Asgar Pour Hossein
AORN J. 2017 Jun;105(6):571-578. doi: 10.1016/j.aorn.2017.04.006.
I conducted a prospective repeated-measure study in the general surgery intensive care unit to investigate the associations among acute postoperative pain, analgesic therapy, and hemodynamic parameters. I selected 33 patients and recorded 84 episodes of pain. I measured intensity of pain and hemodynamic parameters after patients were transferred from the postanesthesia care unit to the general surgery intensive care unit, immediately before analgesic therapy and at 15, 30, and 45 minutes after analgesic therapy. Acute pain increased systolic (SBP), diastolic (DBP), and mean arterial blood pressure (MAP); pulse rate (PR); and arterial oxygen saturation. Fifteen minutes after analgesic therapy, SBP and PR decreased, and DBP, MAP, and oxygen saturation increased. Thirty minutes after therapy, SBP, MAP, and PR decreased, and DBP and oxygen saturation increased. Forty-five minutes after therapy, SBP, MAP, and PR decreased, and DBP and oxygen saturation increased. I saw no significant hemodynamic parameter changes during postoperative episodes of pain.
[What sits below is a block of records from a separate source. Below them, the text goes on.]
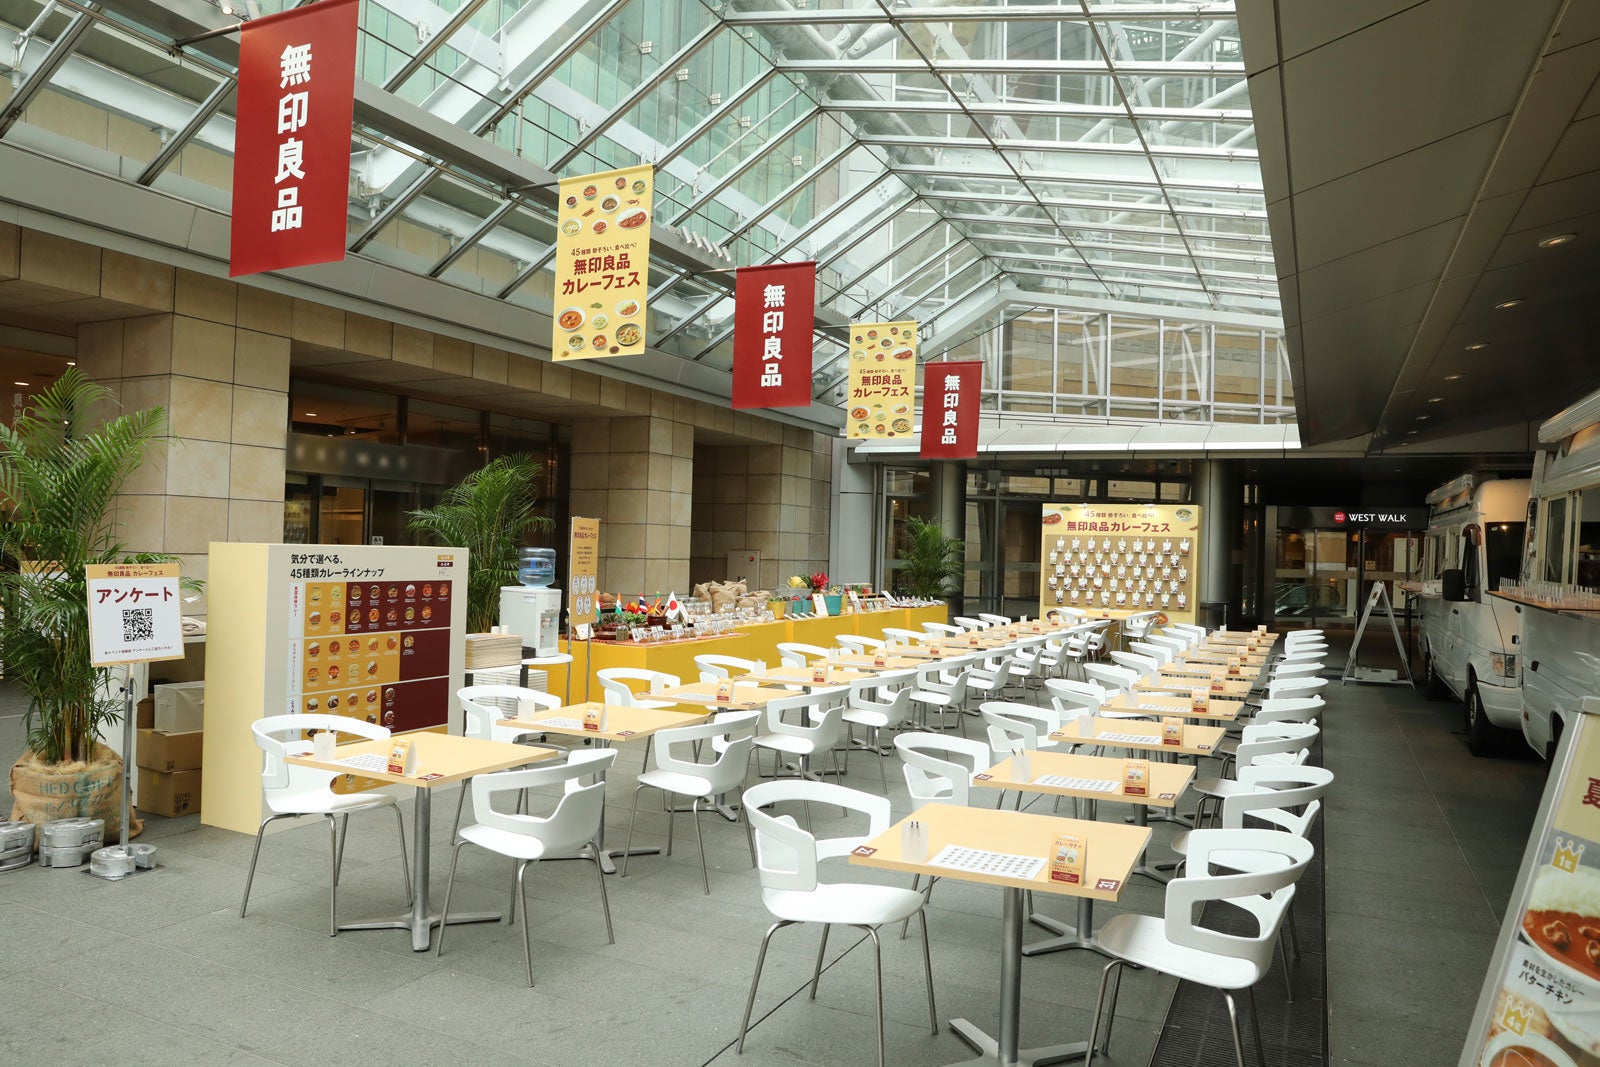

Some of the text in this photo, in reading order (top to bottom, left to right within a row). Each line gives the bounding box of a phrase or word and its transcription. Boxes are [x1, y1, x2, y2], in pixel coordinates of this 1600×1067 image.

[271, 43, 312, 232] 無印良品
[574, 253, 630, 275] 無印良品
[562, 271, 640, 295] カレーフェス
[760, 283, 786, 387] 無印良品
[861, 375, 902, 386] 無印良品
[853, 386, 909, 398] カレーフェス
[941, 374, 961, 445] 無印良品
[1066, 521, 1171, 533] 無印良品カレーフェス
[1348, 513, 1407, 523] WEST WALK
[291, 553, 343, 565] 気分で選べる、
[290, 568, 385, 579] 45種類カレーラインナップ
[96, 586, 173, 604] アンケート
[1518, 971, 1574, 1005] バターチキン
我在普通外科重症监护病房进行了一项前瞻性重复测量研究,以调查术后急性疼痛、镇痛治疗和血流动力学参数之间的关联。我选取了33名患者,记录了84次疼痛发作情况。在患者从麻醉后护理病房转入普通外科重症监护病房后、镇痛治疗前即刻以及镇痛治疗后15、30和45分钟时,我测量了疼痛强度和血流动力学参数。急性疼痛会使收缩压(SBP)、舒张压(DBP)和平均动脉压(MAP)升高;使脉搏率(PR)升高;并使动脉血氧饱和度升高。镇痛治疗15分钟后,SBP和PR下降,DBP、MAP和血氧饱和度升高。治疗30分钟后,SBP、MAP和PR下降,DBP和血氧饱和度升高。治疗45分钟后,SBP、MAP和PR下降,DBP和血氧饱和度升高。我发现在术后疼痛发作期间血流动力学参数无显著变化。